Friday, October 30, 2015

Some Thoughts on Jesse Eisenberg Tonight.

Oh, the complications of who is doing the introductions! Since I was going to say a few words at the Sarah Vowell event at the Milwaukee Public Library tomorrow, I told Todd that he could introduce Jesse Eisenberg. Then I forgot I said this and wrote an introduction anyway. But then I realized I wasn't supposed to write it, and stopped. And then I decided that I should mention a couple of things that would be inappropriate to come from Todd.

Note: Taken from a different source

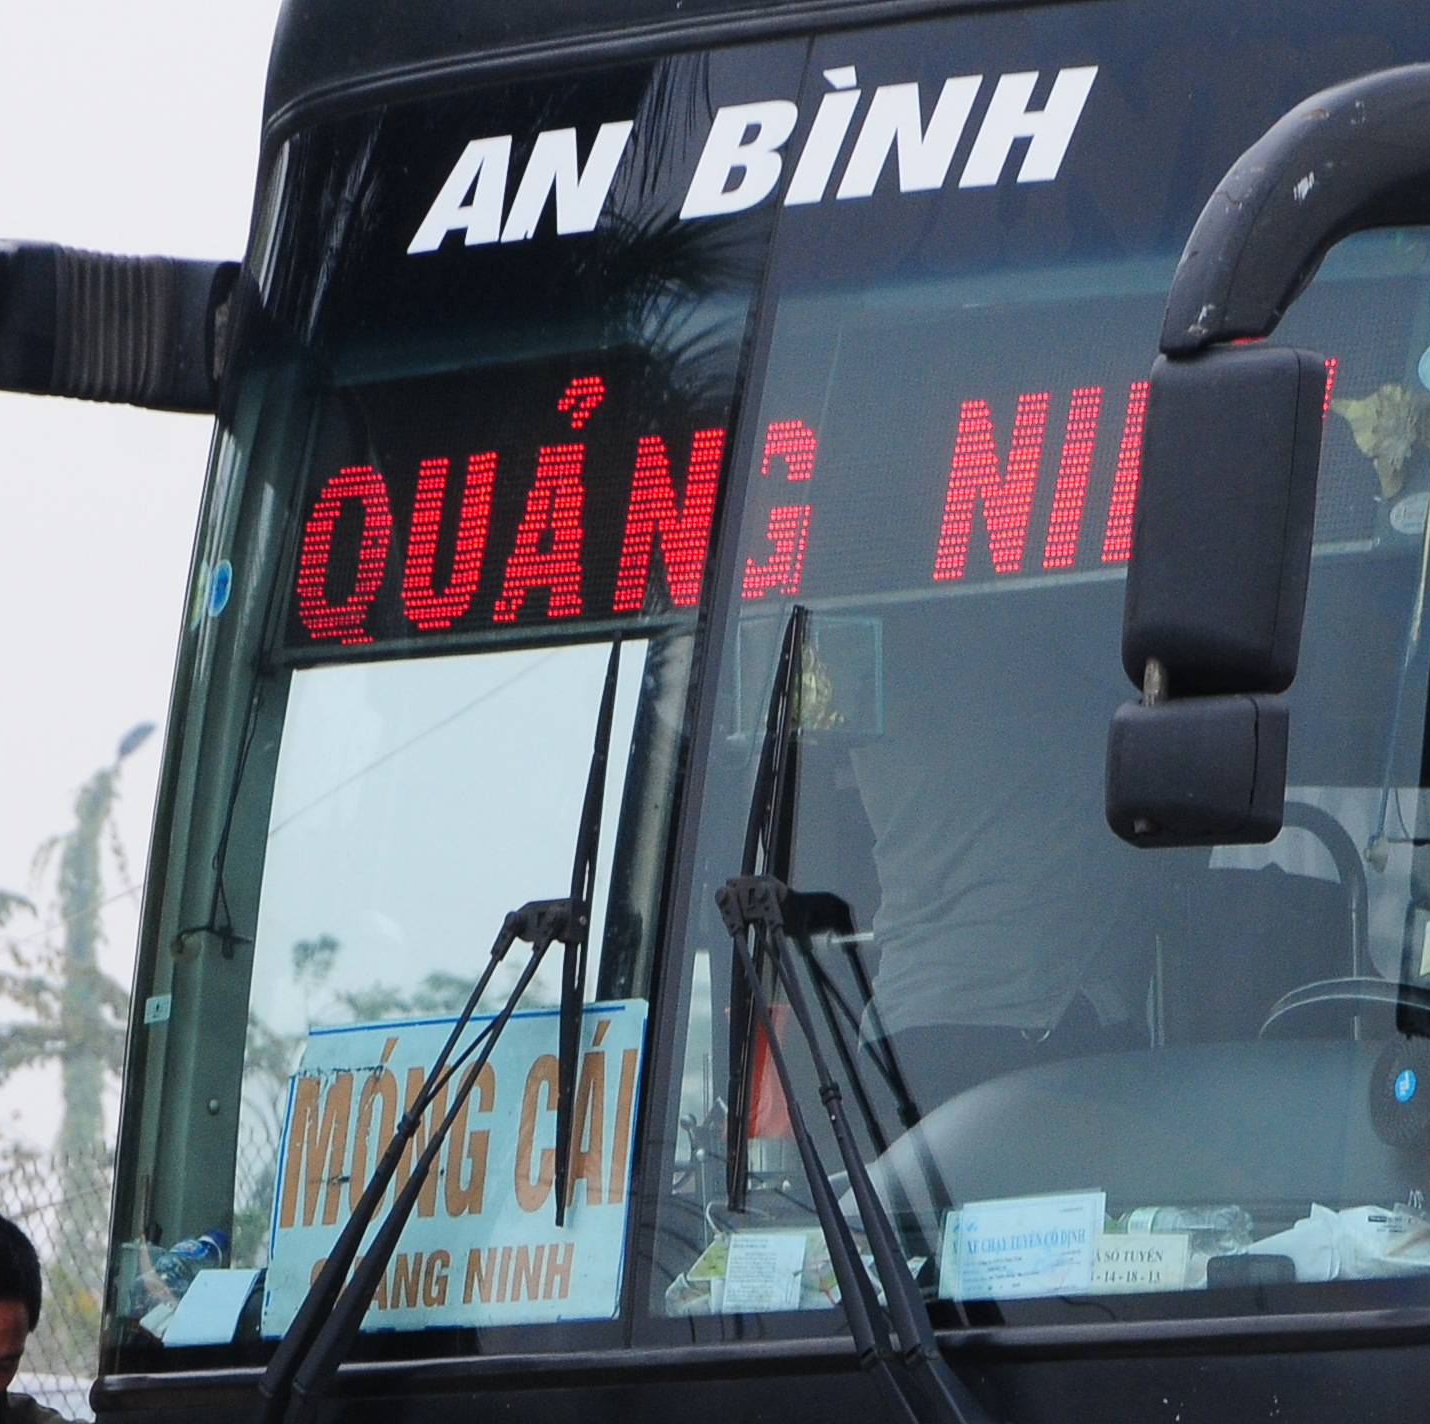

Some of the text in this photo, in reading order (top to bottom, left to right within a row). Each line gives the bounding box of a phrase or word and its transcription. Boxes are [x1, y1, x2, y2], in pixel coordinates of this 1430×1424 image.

[407, 65, 1099, 255] AN BÌNH
[296, 375, 817, 645] QUẢNG
[280, 1020, 639, 1229] MÓNG CÁI
[463, 1243, 574, 1305] NINH

Reading Bream Gives Me Hiccups, I decided that the author was the love child of Steven Millhauser *and Woody Allen. Then I learned he was actually the child of Barry Eisenberg and Amy Fishman. Then I became convinced that, having grown up in Queens in the 60s and 70s, that I went to high school with his father. And then I remembered, every high school class in Queens in the 70s probably had a kid named Barry Eisenberg. (And later I learned that his father went to Forest Hills High School, not Cardozo.)

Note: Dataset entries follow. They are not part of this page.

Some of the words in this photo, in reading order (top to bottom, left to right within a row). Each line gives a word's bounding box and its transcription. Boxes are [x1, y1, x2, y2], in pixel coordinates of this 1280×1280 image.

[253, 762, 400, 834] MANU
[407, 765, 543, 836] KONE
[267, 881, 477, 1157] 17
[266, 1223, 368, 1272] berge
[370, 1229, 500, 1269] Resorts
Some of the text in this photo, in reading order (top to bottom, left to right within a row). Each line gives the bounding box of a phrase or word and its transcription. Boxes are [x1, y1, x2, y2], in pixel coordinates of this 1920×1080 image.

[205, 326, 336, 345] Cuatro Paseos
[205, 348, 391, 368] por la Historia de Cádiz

As I read the book, I was continally reminded of the work of Simon Rich, especially his first collection, Ant Farm. And then I learned that not only are they friends, but that Eisenberg was planning to invite him to his theoretical dinner party on NPR, along with George Saunders and Jon Ronson, because they are funny. I read the last Jon Ronson, So You Think You’ve Been Shamed, about internet bullying. Hilarious!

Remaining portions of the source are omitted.